Bienvenido Rosario used to spend his Saturday nights on the streets of North Philadelphia. At 4 a.m., he often found himself walking the neighborhood, looking for anyone else who was still awake.
“I just needed to go and hug on some people,” said Rosario, a patient representative at Temple University Hospital and a pastor at Calvary Vision Church in Blue Bell, Pennsylvania. “I needed to give them the human touch.”
Every week, a homeless man named Tony waited for him at the corner of Orkney and Cumberland streets. Tony often smelled, Rosario said, and he lived in old, abandoned houses.
“I would always hug him,” Rosario said. “At first he would push me away and say, ‘I smell,’ but I would say, ‘No, give me some love.’”
Years later, he encountered Tony again, now clean-shaven and well-dressed, conducting a “Worship in the Park” ceremony.
At first, Rosario didn’t recognize him.
“[Tony] was clean,” Rosario said. “He was no longer living in an abandoned house, he was transformed. Tony was forever changed.”

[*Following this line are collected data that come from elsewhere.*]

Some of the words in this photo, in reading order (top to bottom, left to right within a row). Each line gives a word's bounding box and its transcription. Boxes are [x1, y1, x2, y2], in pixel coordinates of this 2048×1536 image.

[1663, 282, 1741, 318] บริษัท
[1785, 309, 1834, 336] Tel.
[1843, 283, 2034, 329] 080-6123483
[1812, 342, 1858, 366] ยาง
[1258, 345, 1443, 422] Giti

Senior Nicole B, an intern with the patient relations department, said Rosario has impacted many lives other than Tony’s. She said through his work as a patient advocate and as a pastor, Rosario—who goes by the nickname “Ben”—is an asset to the North Philadelphia community as a whole.
“[Rosario] really advocates for people and their needs,” B said. “He embodies Temple’s whole mission to be engaged with the community, be really hard working and just give of yourself to others.”
As a member of the patient experience department, Rosario ensures proper treatment and a positive experience for patients at TUH. Rosario often works with victims of trauma or those dealing with difficulties in their family life.
“I believe that it’s actually heaven-sent, and it was really meant for me,” Rosario said. “I believe that some of the feedback that they have sent me from the family is positive, and not that you look for that, but it reinforces that.”
“You give them that seed, and eventually that seed will give birth, and they will blossom,” he added.
Rosario, who considers himself a planter of sorts, has sowed many seeds in a variety of soils. From prisoners to church-goers, Rosario is willing to share his testimony with anyone willing to listen.
In his teens, Rosario underwent a 30-day rehabilitation program for substance abuse, and afterward he said he made many life changes, like his conversion to Christianity. Rosario began preaching when he was asked to translate a sermon into Spanish for inmates at Graterford prison.
Rosario’s listeners grew as he began to travel and preach. One Sunday, chaplain Paul of the Dallas State Correctional Institution in Pennsylvania informed Rosario there would likely be no more than 10 attendees, due to a popular local football game.
Hundreds of people came to hear Rosario’s sermon that day—so many that the church had to employ a few extra security guards.
As Rosario’s work in preaching gained momentum, he also enrolled in a teaching program through St. Christopher’s Hospital for Children, where he trained in ambulatory pediatrics in preparation for his current position at TUH.
“When people think of Temple Hospital, I think that Ben’s name is synonymous to it,” B said. “That’s how well known he is in the community, which is amazing.”
B said she met Rosario when he led a tour of TUH as part of the volunteer orientation. She has volunteered for two years now, and said Rosario is “a champion of social justice” in the Temple and Philadelphia community.
“It seems to be a calling, especially in this area, for this community that I dearly love,” Rosario said. “‘Nightline’ called this area ‘the Badlands,’ but there’s great people in this community. The same people that go to church are the same people that come into this hospital, and that go to the grocery stores. I feel a connection.”
Rosario’s work with the community extends beyond the church and hospital walls. Rosario recently stepped down as the commissioner of the Paulo K.O.H.L. football team, and he has managed four teams within the past four years that have worked with young men who can no longer utilize federal programs intended for those under 18 years of age.
“They’re my kids,” Rosario said. “They’re my boys.”
Although Rosario doesn’t like the title of ‘pastor,’ out of fear that he “might lose one” by sounding too authoritative, he believes that religion plays a large role in the many life changes he has facilitated.
“My church is the field,” he said. “My church is the community.”
“I’m not a police officer, I’m not a doctor,” Rosario added. “Each has a great responsibility, which I highly respect, but what’s needed is god. … As humbly as I can, without throwing religion down their throat, but in the name of love, let’s make a difference.”
This story has been updated to reflect the name change of Nicole B.